╔══

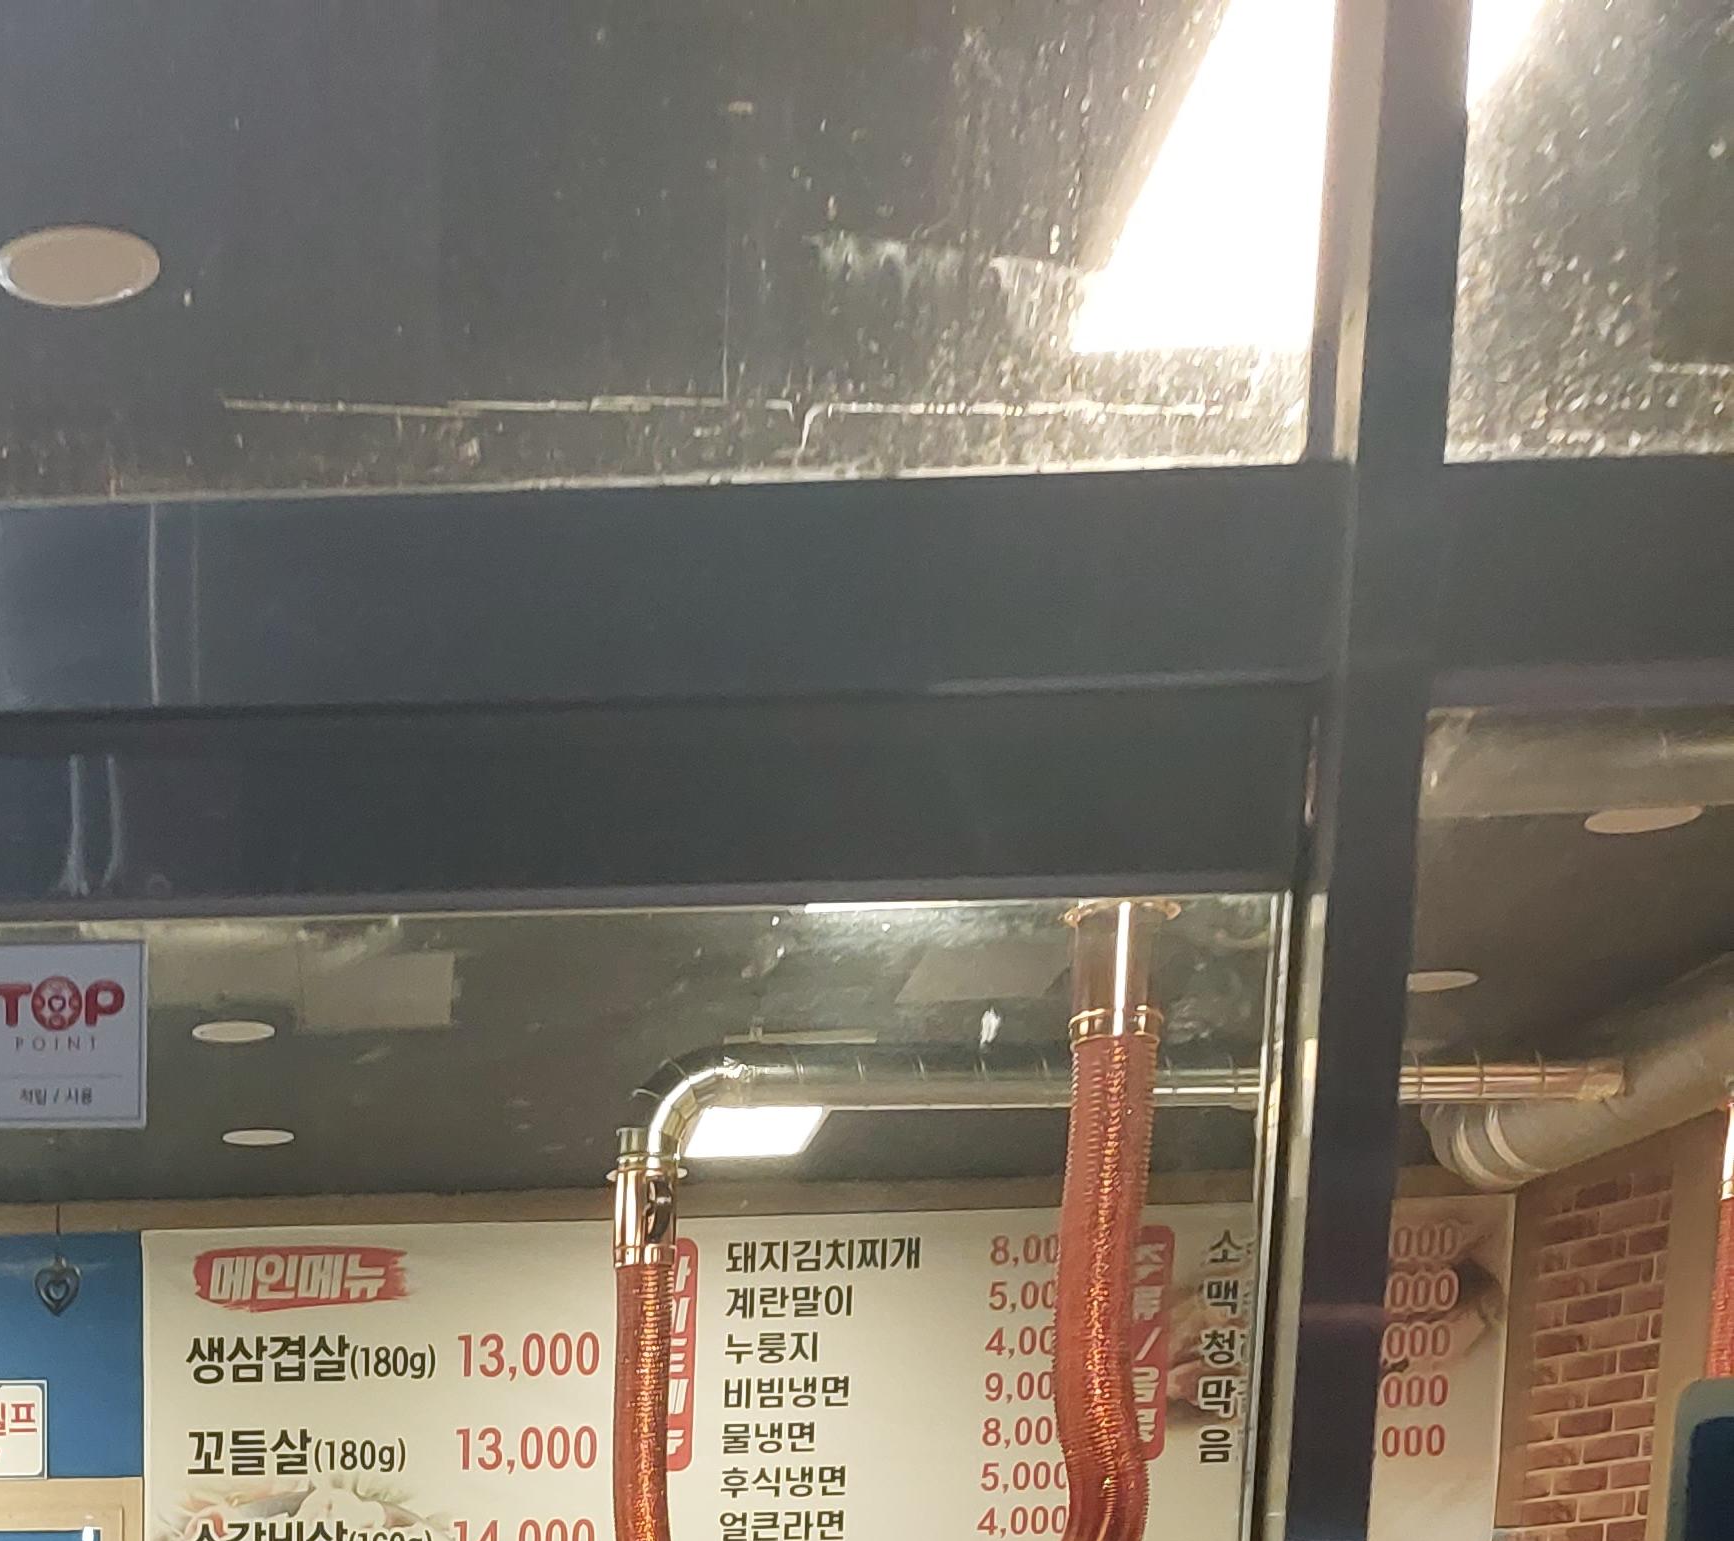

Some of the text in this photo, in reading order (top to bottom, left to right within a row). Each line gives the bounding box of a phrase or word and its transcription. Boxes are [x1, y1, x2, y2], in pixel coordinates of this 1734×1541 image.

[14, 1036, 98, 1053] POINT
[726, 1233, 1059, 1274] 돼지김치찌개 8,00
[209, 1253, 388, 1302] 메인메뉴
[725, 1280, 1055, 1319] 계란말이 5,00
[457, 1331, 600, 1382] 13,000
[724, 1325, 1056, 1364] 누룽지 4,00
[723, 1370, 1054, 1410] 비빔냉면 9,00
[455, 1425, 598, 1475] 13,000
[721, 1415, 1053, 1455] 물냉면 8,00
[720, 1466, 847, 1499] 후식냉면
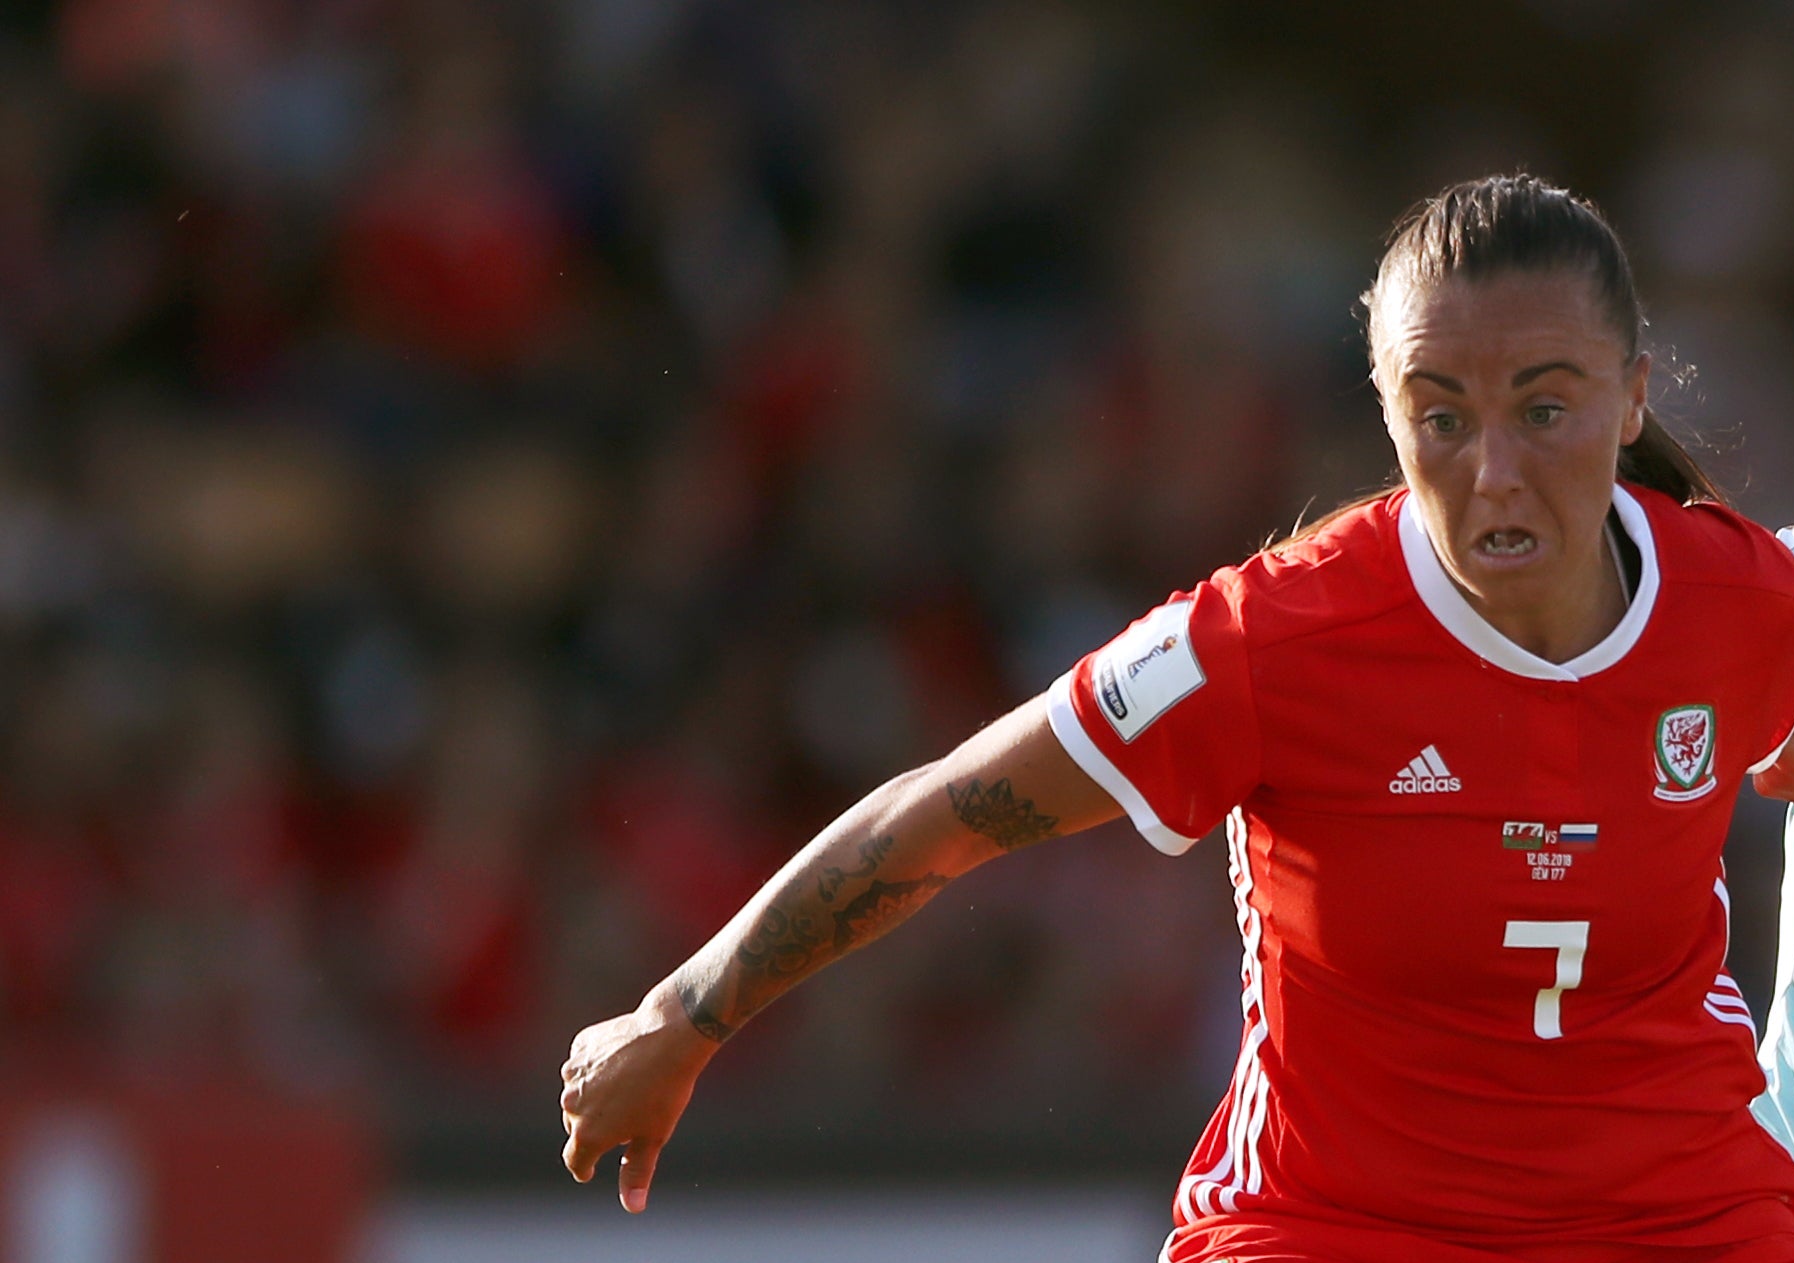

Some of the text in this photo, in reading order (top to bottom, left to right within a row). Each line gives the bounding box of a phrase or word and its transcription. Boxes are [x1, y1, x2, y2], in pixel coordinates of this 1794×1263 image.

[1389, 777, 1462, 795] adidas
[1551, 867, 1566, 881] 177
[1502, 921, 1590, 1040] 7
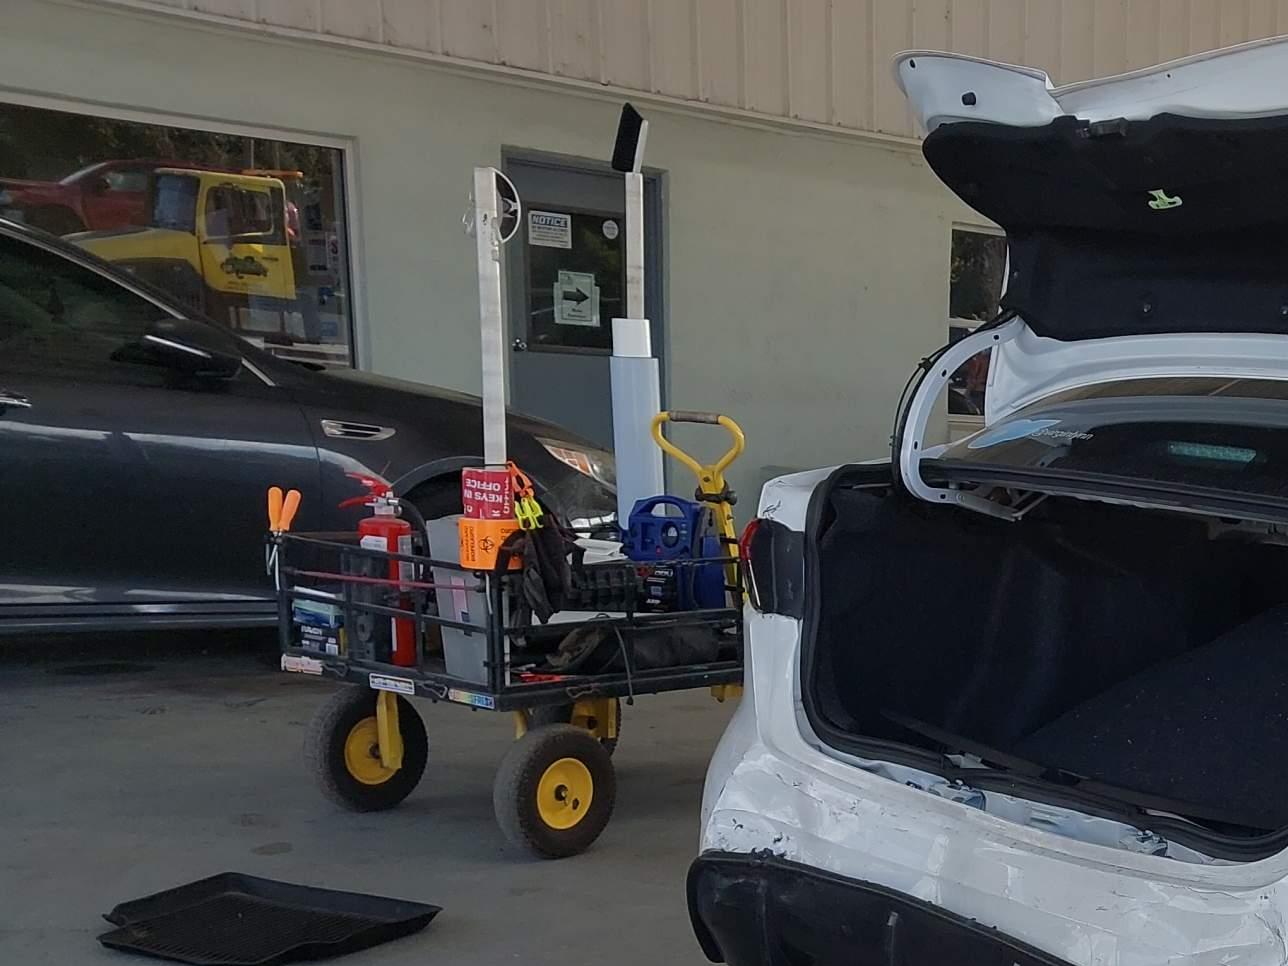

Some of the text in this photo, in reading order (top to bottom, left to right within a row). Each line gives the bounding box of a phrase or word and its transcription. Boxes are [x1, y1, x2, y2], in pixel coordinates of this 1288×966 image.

╚══

== EXERCISE AIM ==
Start to finish, write out the data above exactly, omitting all pictures.

== RESULT FOR THIS EXERCISE ==
Some of the text in this photo, in reading order (top to bottom, left to right within a row). Each line gives the bounding box of a phrase or word and its transcription. Boxes are [x1, y1, x2, y2], in pixel coordinates of this 1734×1541 image.

[14, 1036, 98, 1053] POINT
[726, 1233, 1059, 1274] 돼지김치찌개 8,00
[209, 1253, 388, 1302] 메인메뉴
[725, 1280, 1055, 1319] 계란말이 5,00
[457, 1331, 600, 1382] 13,000
[724, 1325, 1056, 1364] 누룽지 4,00
[723, 1370, 1054, 1410] 비빔냉면 9,00
[455, 1425, 598, 1475] 13,000
[721, 1415, 1053, 1455] 물냉면 8,00
[720, 1466, 847, 1499] 후식냉면

Some of the text in this photo, in reading order (top to bottom, left to right within a row). Each line gives the bounding box of a phrase or word and its transcription. Boxes are [x1, y1, x2, y2], in pixel coordinates of this 1794×1263 image.

[1389, 777, 1462, 795] adidas
[1551, 867, 1566, 881] 177
[1502, 921, 1590, 1040] 7

Some of the text in this photo, in reading order (top to bottom, left to right within a row). Each line gives the bounding box of a phrase or word and its transcription. Boxes are [x1, y1, x2, y2], in pixel coordinates of this 1288×966 image.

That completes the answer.